There has been surprisingly little Arabic theatre in Scotland until now, but Ahmed El Attar feels that the Arab Arts Focus programme is likely to resonate with Edinburgh audiences thanks to the role Scotland itself has played in refugee narratives. Whilst not all the shows on the programme are about the experience of refugees, Ahmed hopes to encounter open-minded theatre-goers who will be receptive to cultural exchange and dialogue.
“I’ve learned in all of my trips [to Edinburgh] that actually Scotland is a refugee-hosting country. I mean, since the Second World War, or the First World War even, and it’s something I didn’t know”, El Attar says. “When it comes to the Syrian case I think [we] will find an audience that already have a background or already have a kind of relation to immigration. I’m interested in that, and the result of that.”
Scotland’s involvement in refugee resettlement – having accepted over a third of the UK’s intake of Syrian refugees by May 2016 – is another factor that makes this year’s Arab Arts Focus season particularly timely and relevant.
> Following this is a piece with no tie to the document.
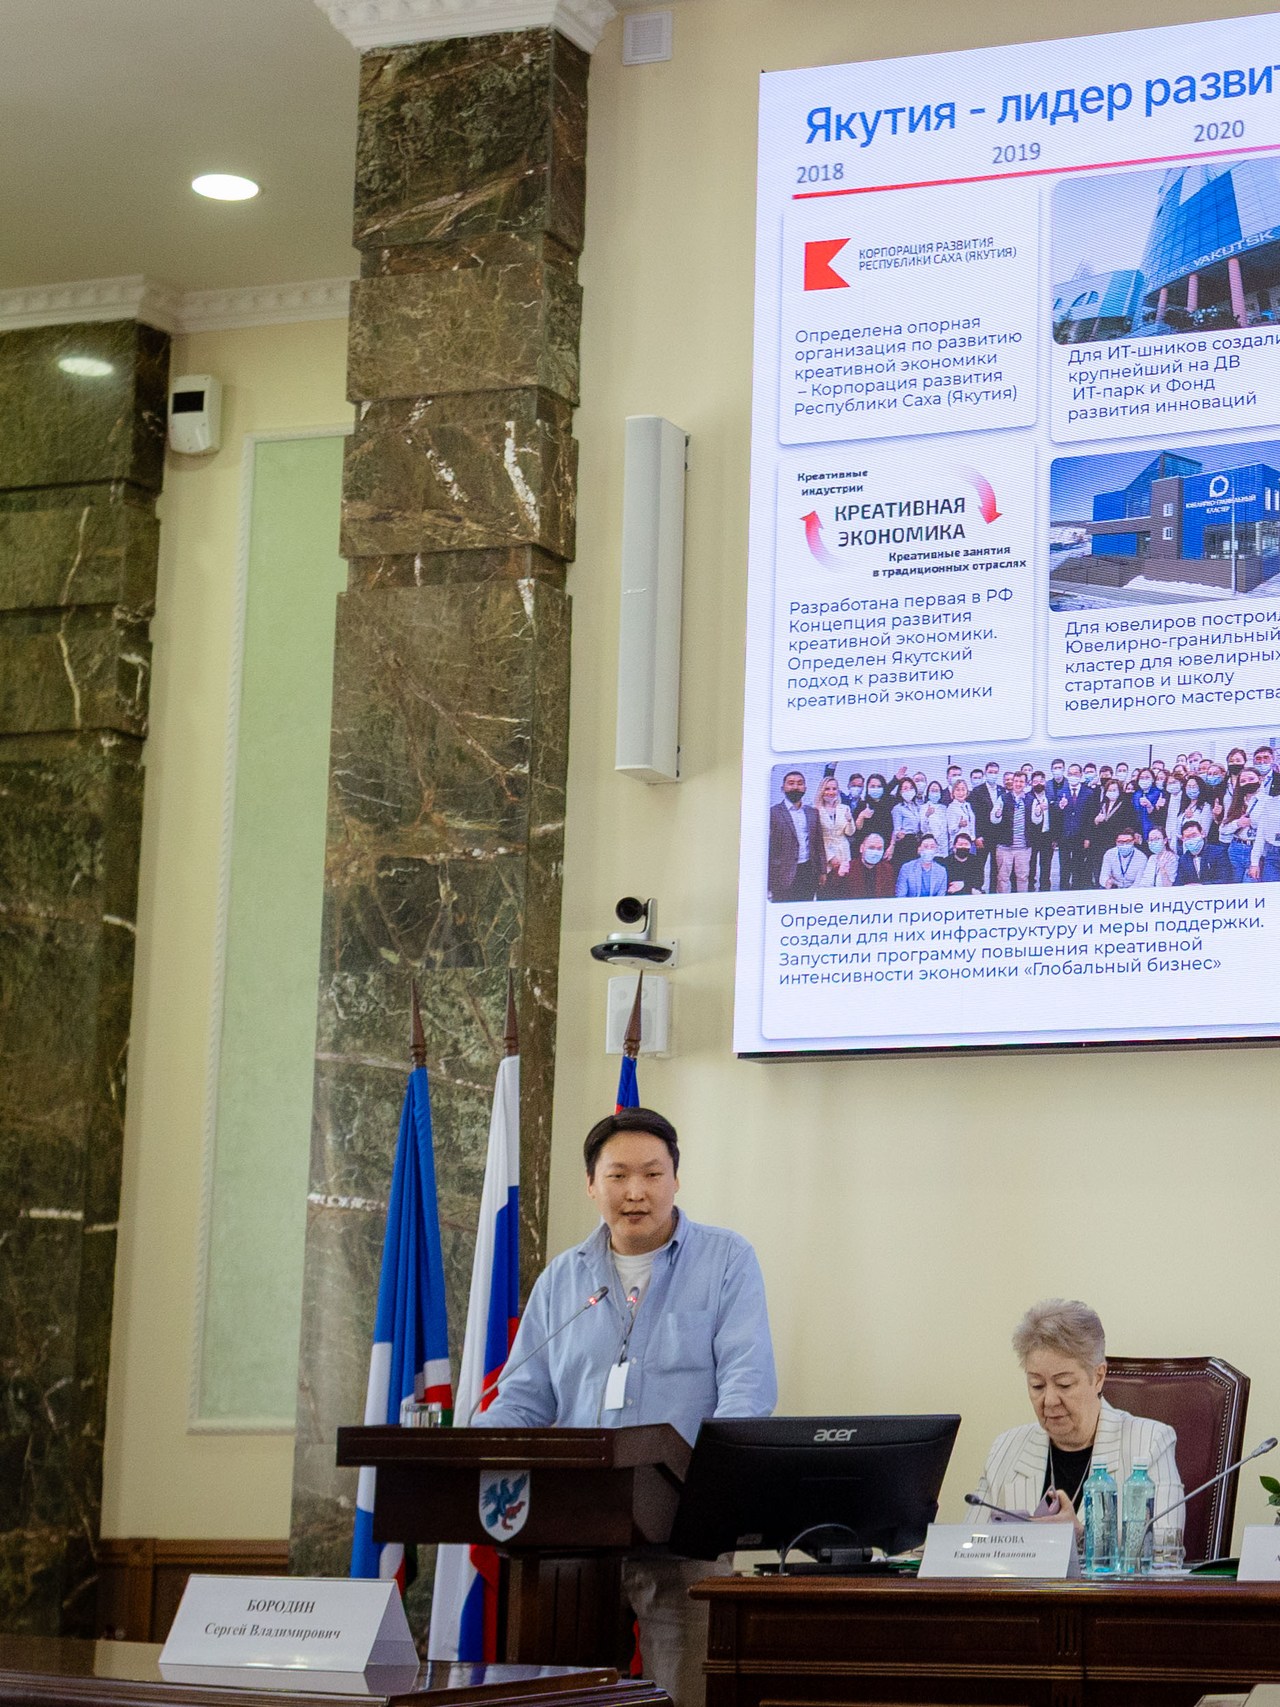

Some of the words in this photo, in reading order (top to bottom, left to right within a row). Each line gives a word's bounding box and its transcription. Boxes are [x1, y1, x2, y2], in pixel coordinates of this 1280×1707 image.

Powerful explorations of the forces that unite us are needed more than ever as Scotland seeks to define its own responsibilities and values at a pivotal moment in the history of relations between East and West.
Arab Arts Focus offers a valuable opportunity to reframe the conversation surrounding the Arab world, and to convey the diversity and importance of its many narratives and identities. Audiences are guaranteed to encounter challenging and eye-opening new material, and an overall message of international solidarity and common purpose will reverberate through Summerhall this year thanks to this exciting programme. “That’s the whole point of doing something like this”, El Attar concludes. “It’s that people realise, after all, that there are a lot of similarities – we’re all looking basically for the same thing. We’re all in the pursuit of happiness, whatever that might be.”